The potential, and limitations, of fusion power

Any vision of how we will meet our energy needs in the distant future is difficult to imagine without harnessing the power of nuclear fusion. Fusion represents the ability to generate essentially unlimited energy from seawater, creating virtually no waste or CO2. Physicists working on making that vision a reality have predicted that fusion power may be just thirty years away, though they have been making that prediction for a very long time.

The basic physics behind fusion are simple. Take an atom of heavy hydrogen (known as deuterium) and smash it together with another atom of heavier hydrogen (called tritium). The collision results in an atom of helium, which weighs less than either of the other two elements. We know that that a change in mass results in a massive release of energy to balance the conservation of energy. The real trick with fusion physics is providing the necessary energy to get the deuterium and tritium close enough so that they stick together, because these atoms are normally electromagnetically repelled by each other.

The sun is a perfect example of a working fusion reaction, and it has been steadily burning for the last 4.6 billion years. It gets around the issue of providing energy by virtue of the titanic force of gravity at its core – some 330,000 times the mass of the Earth all bearing down on the same spot. This causes about  4 million tonnes of mass to be converted into pure energy every second, which generates all the heat and light from the sun.

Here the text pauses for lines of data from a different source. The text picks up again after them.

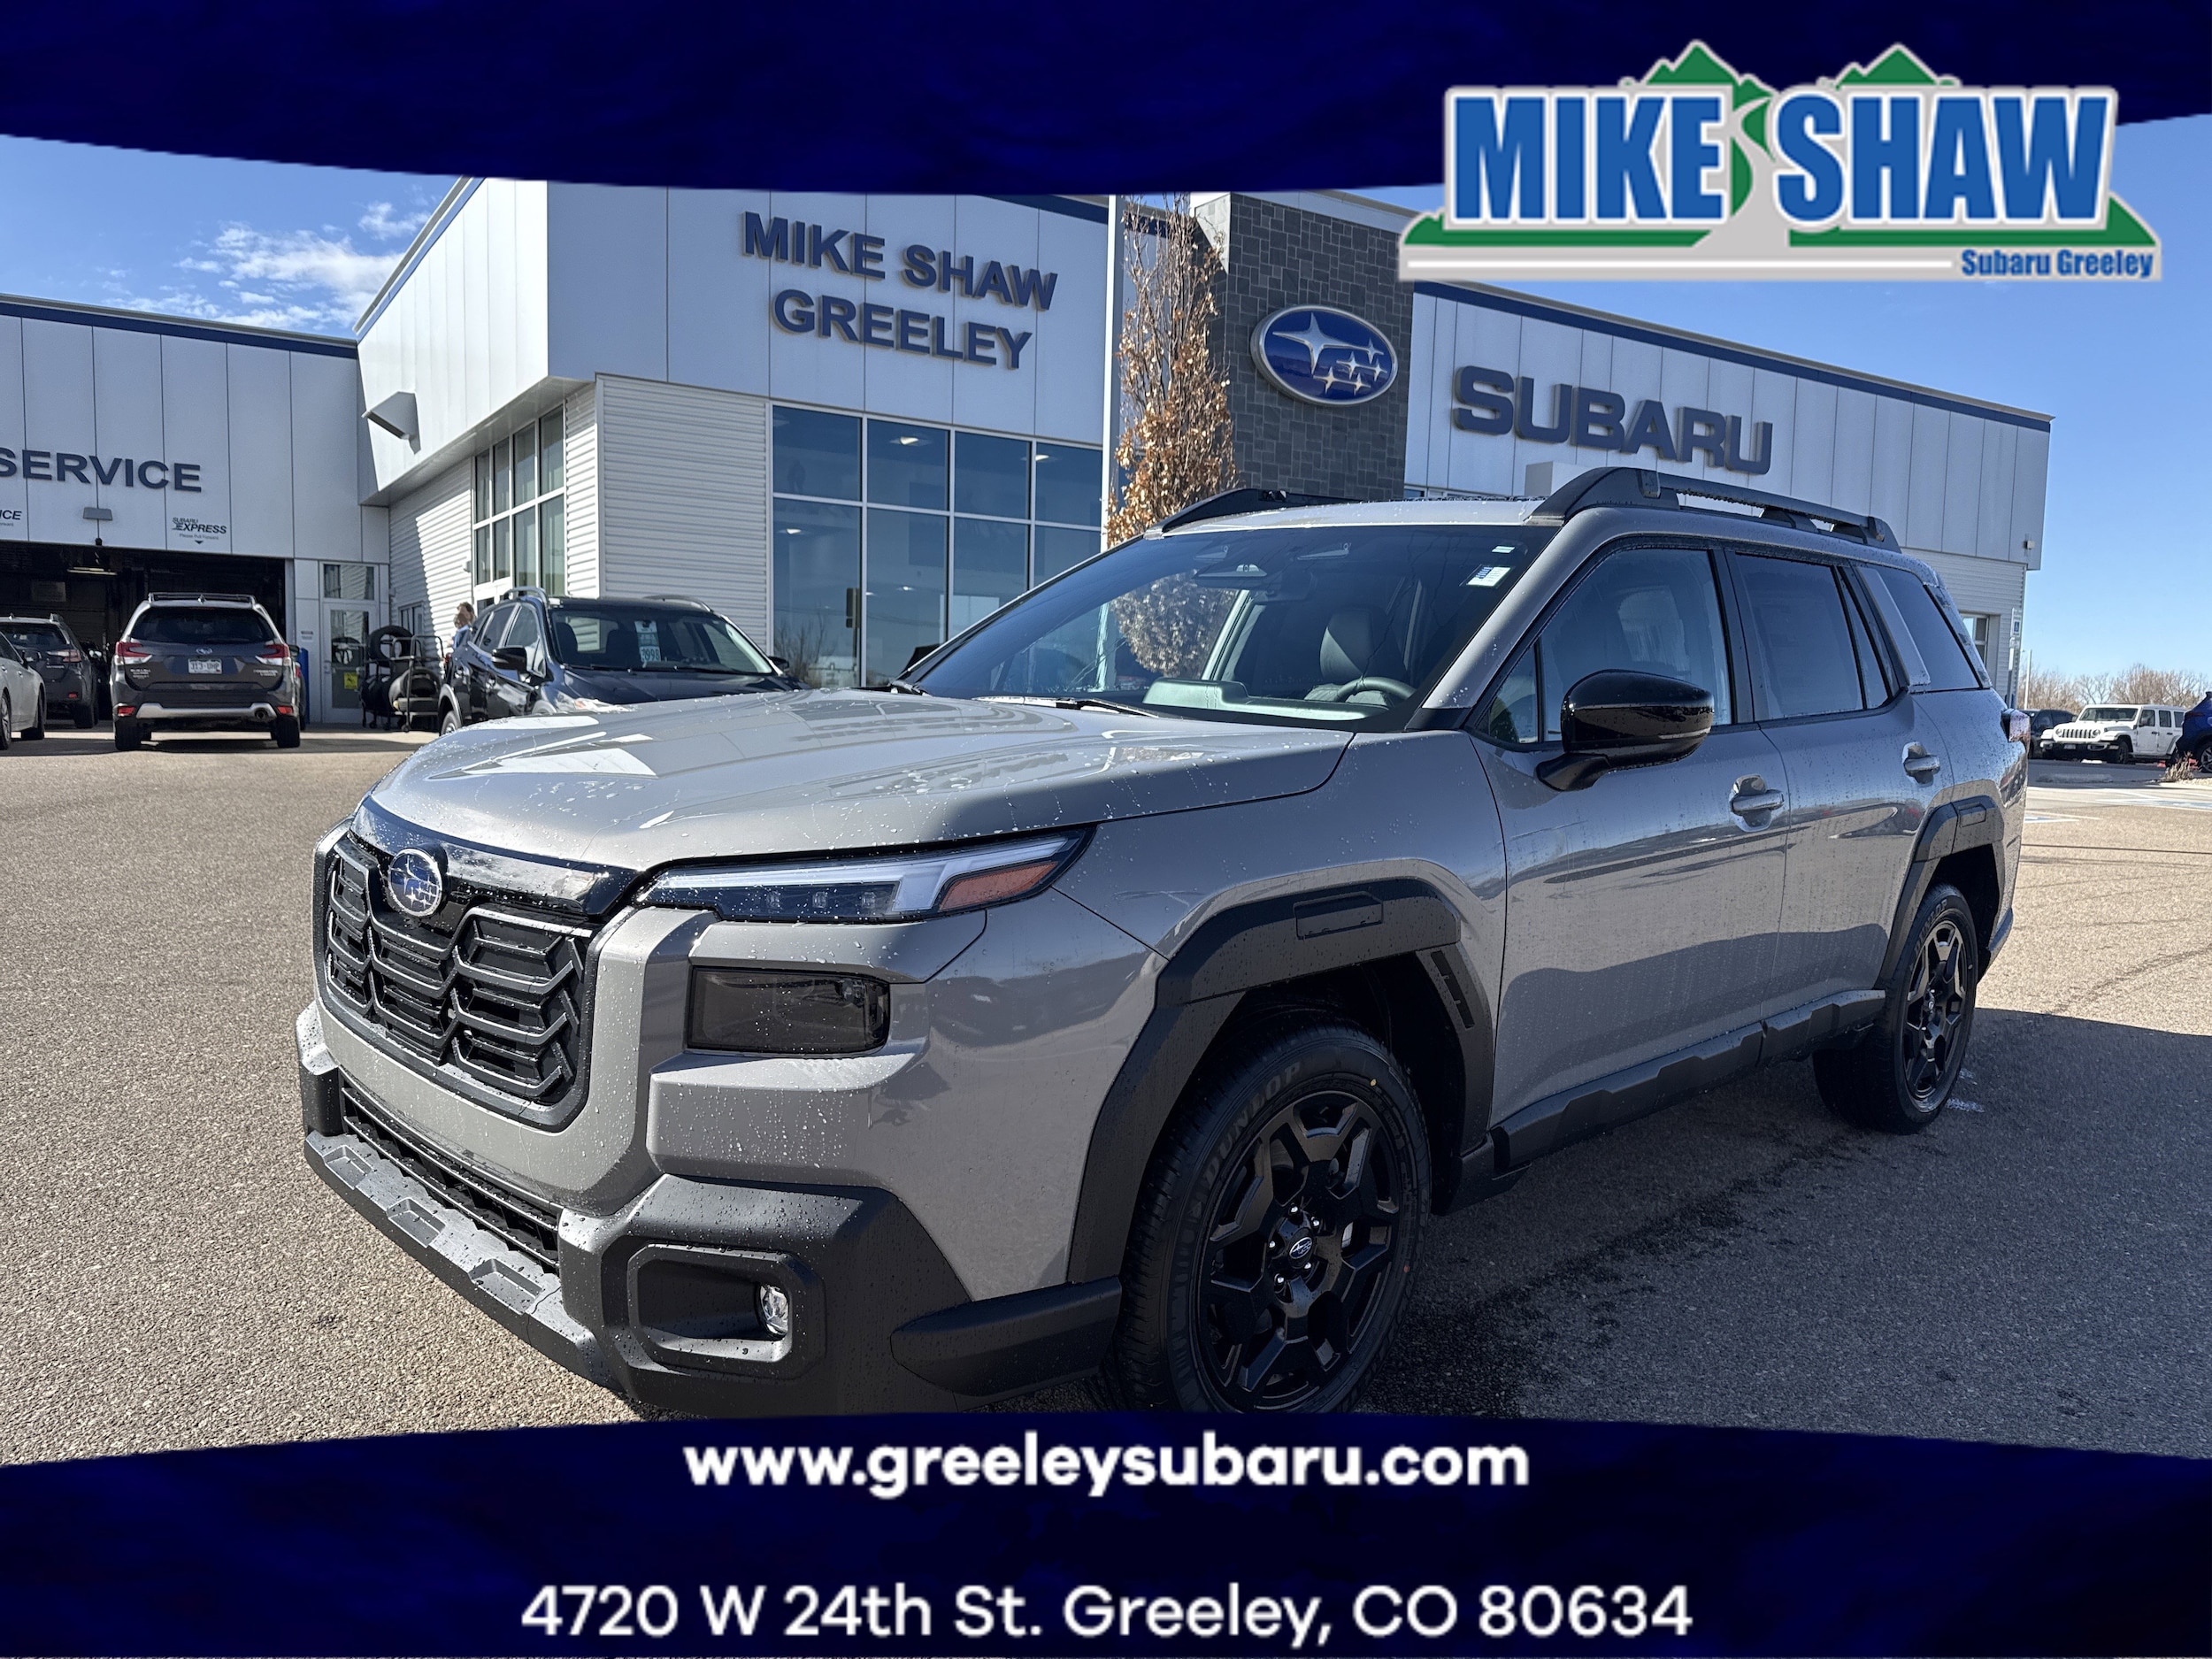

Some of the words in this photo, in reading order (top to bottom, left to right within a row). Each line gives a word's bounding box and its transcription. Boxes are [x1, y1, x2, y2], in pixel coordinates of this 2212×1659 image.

[743, 211, 885, 280] MIKE
[902, 244, 1058, 311] SHAW
[772, 288, 1033, 370] GREELEY
[1453, 365, 1773, 475] SUBARU
[174, 523, 227, 534] EXPRESS
[1202, 1061, 1302, 1190] DUNLOP

Obviously, we do not have the luxury of having 330,000 Earths worth of stuff to make our own sun, so more ingenious methods must be employed to get the required energy for fusion. The crudest working example of fusion on Earth is found in the hydrogen bomb, using the force of an atomic blast to provide the necessary energy. The resulting reaction is uncontrolled, which is fine if you are bent on causing a global apocalypse, but unfortunate if you wish to use the incredible energy created for more constructive means.

Modern research into fusion is broadly divided into two different methods for achieving the required energy: using powerful magnetic fields to heat and compress the atoms until they fuse together, or shooting a tiny amount of matter with colossal laser beams. A demonstration reactor using the first approach is currently being built in France. It is known as the International Thermonuclear Experimental Reactor (ITER) and when it is completed in 2018, its doughnut-shaped magnetic chamber will compress hydrogen gas to the millions of degrees necessary to ignite the reaction, hopefully resulting in up to five times the input energy. The research resulting from ITER will be used in the next generation fusion reactor, tentatively titled DEMO, which will be designed to be a working electrical power plant and should be online by 2040.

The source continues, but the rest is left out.